Lactulose is great for constipation so maybe start with that and some hugs. Verbalise her feelings and hope it gets better soon.

NeverDropYourMooncup · 01/10/2022 11:17

Grinchpyjamasalready · 30/09/2022 22:51

@NeverDropYourMooncup What is the connective tissue disease called?

Mine? EDS. Also got psoriasis, psoriatic arthritis, celiac disease, MCAS and lactose intolerance. There's a cluster of shared symptoms that fall under the umbrella of 'feeling like shit from an early age'. But the thing that got me referred for investigation aged about 4/5 before the diagnoses started racking up and being refined over the years was constipation.

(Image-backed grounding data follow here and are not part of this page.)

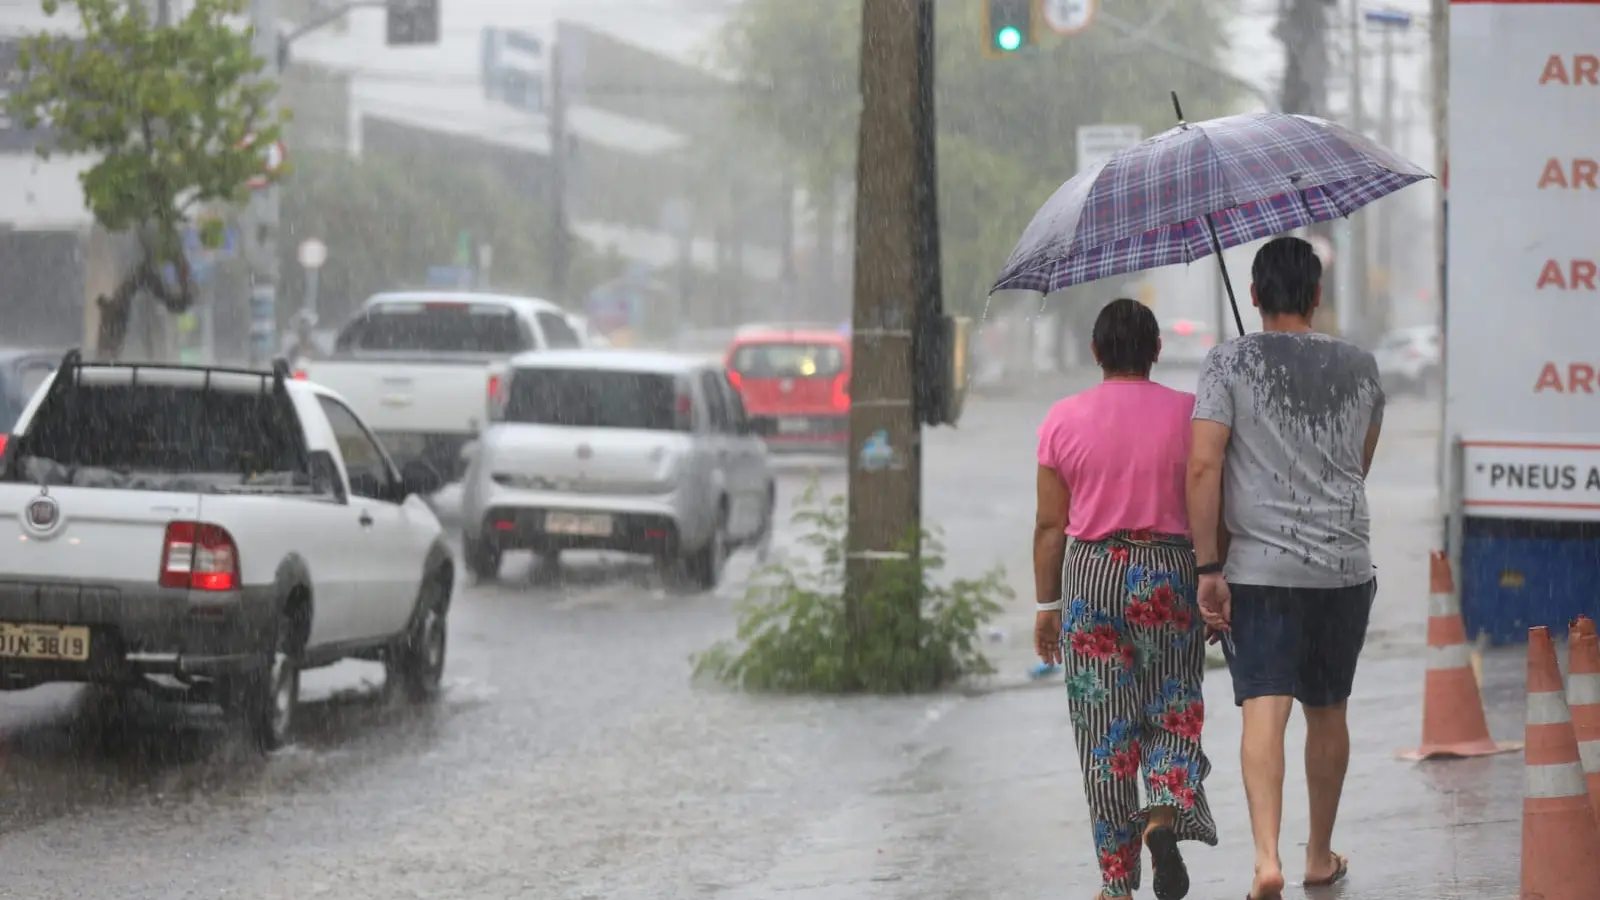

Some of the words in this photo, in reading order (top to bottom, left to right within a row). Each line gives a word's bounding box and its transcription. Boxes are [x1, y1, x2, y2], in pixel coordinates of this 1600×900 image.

[1538, 54, 1600, 86] AR
[1537, 156, 1600, 190] AR
[1533, 361, 1600, 393] AR
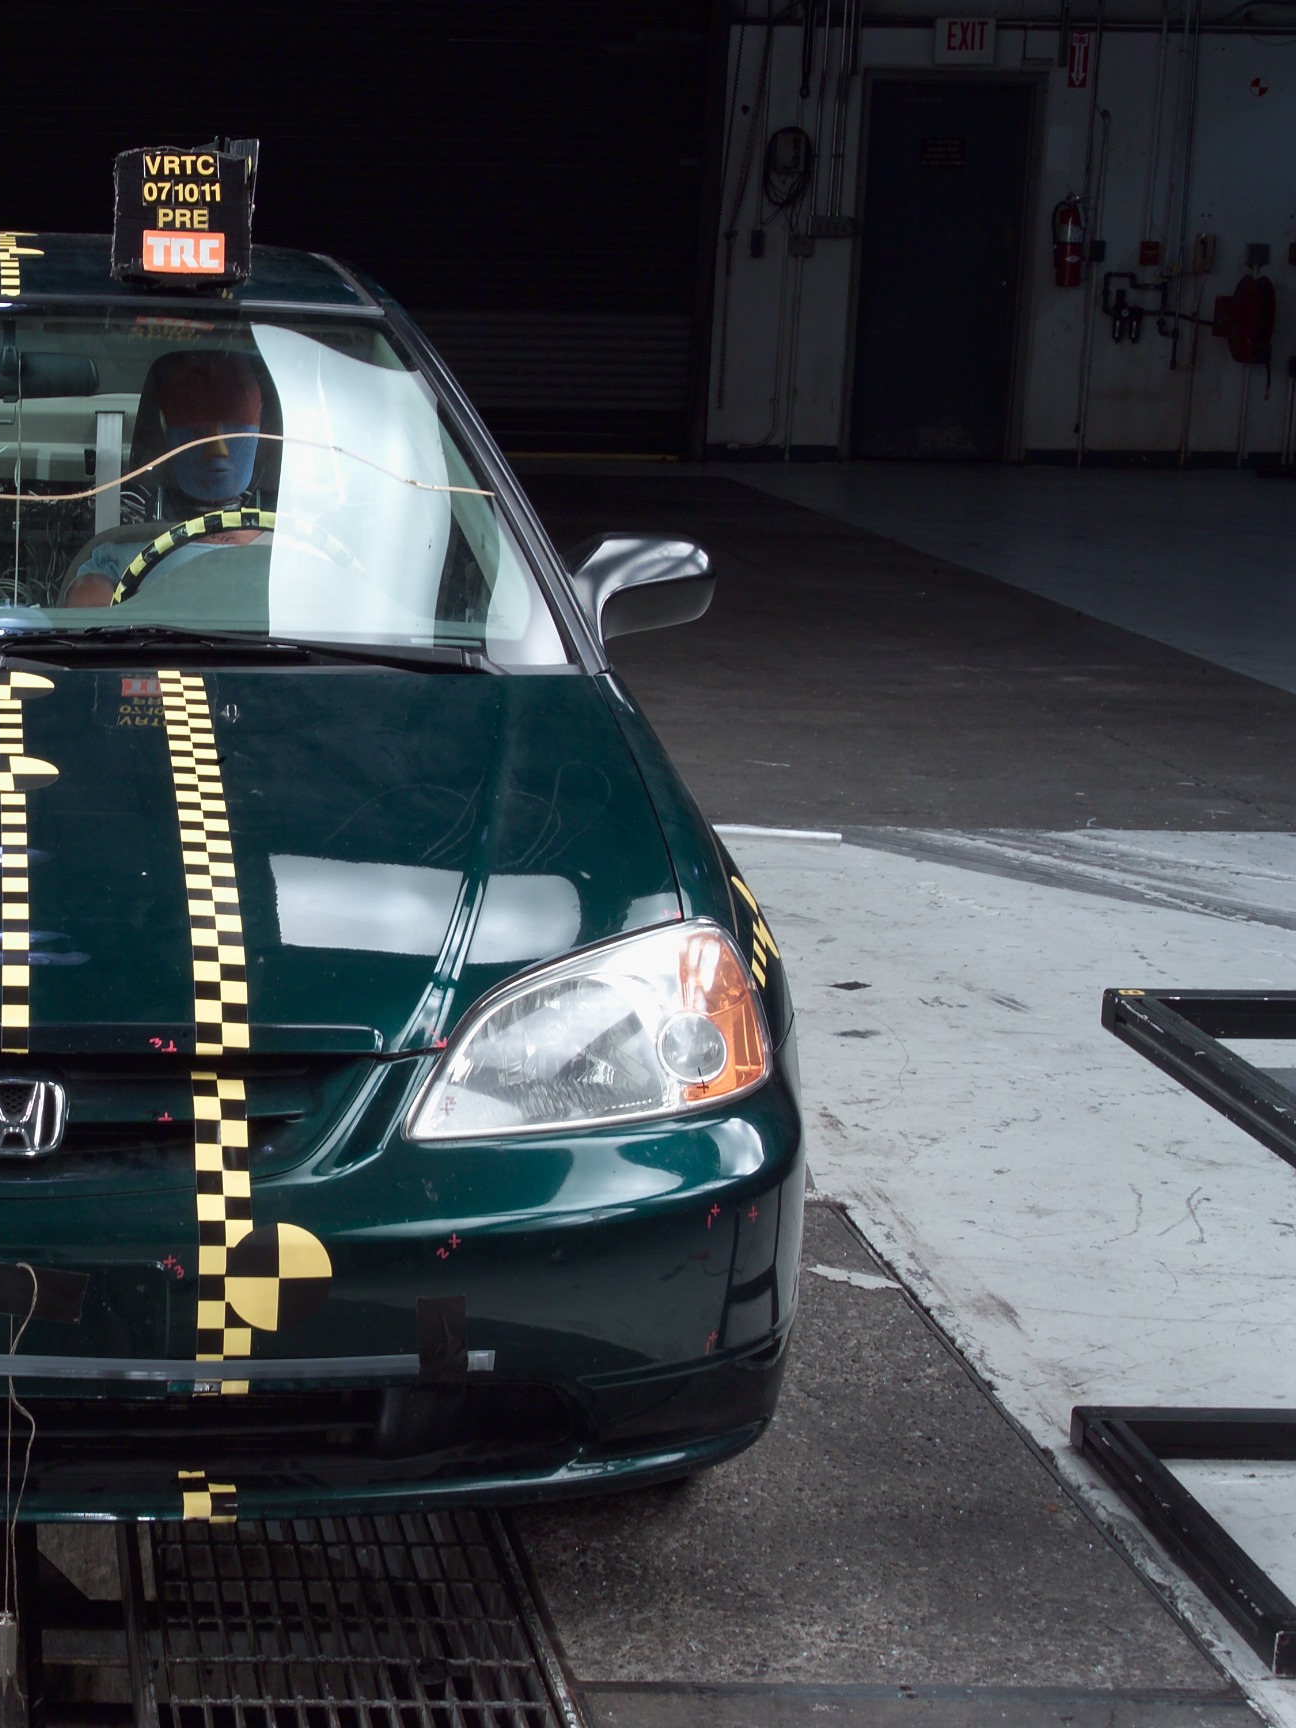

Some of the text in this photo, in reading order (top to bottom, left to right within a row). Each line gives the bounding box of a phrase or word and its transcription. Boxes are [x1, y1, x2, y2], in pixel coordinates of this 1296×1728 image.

[947, 21, 988, 50] EXIT
[145, 155, 215, 175] VRTC
[143, 182, 221, 202] 071011
[158, 208, 208, 229] PRE
[147, 236, 220, 268] TRC

MuchuseasaChocolateTeapot · 01/10/2022 11:42

Dogscratchingaway · 30/09/2022 12:48

Oh wow, ok, I’ve been coming at this all wrong then. We’ve had a few months of her hitting and kicking when angry and a cup being chucked in my face felt like the last straw.
Ive been so understanding with it all but spoke to my parents and a friend who said that at 4 they shouldn’t still be doing things like this.
No I feel bad for being cross with her, so hard to know what to do for the best

I think I would have been shocked by the cup throwing and I would have told my children that was unacceptable. But I think you were seeing it as an escalation after the hitting and kicking. Hitting and kicking are not okay and it’s that you need to address, you need a consistent conversation and consequence worked out for then.

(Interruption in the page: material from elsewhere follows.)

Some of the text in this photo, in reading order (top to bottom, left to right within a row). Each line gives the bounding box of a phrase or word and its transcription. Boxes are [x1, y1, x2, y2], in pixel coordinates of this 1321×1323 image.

you sound lovely and caring, you’ll be fine x

Purple52 · 03/10/2022 16:58

She’s 4. She’s adjusting and growing up. She’ll be experiencing different frustrations and not necessarily have the vocabulary to explain it in the right context.

you need to help her.

it’ll be a journey you’re in for many years ! So don’t think you can fix it in a week.

she sounds a bright and interesting person who will have lots to do and say and just needs the support (not saying you aren’t supportive, just your tack needs to change with her).

MrsAukerman · 03/10/2022 19:16

Take her for a scheduled poo daily. My son can be similarly short tempered when he's not realised he needs a poo. He's nearly 8.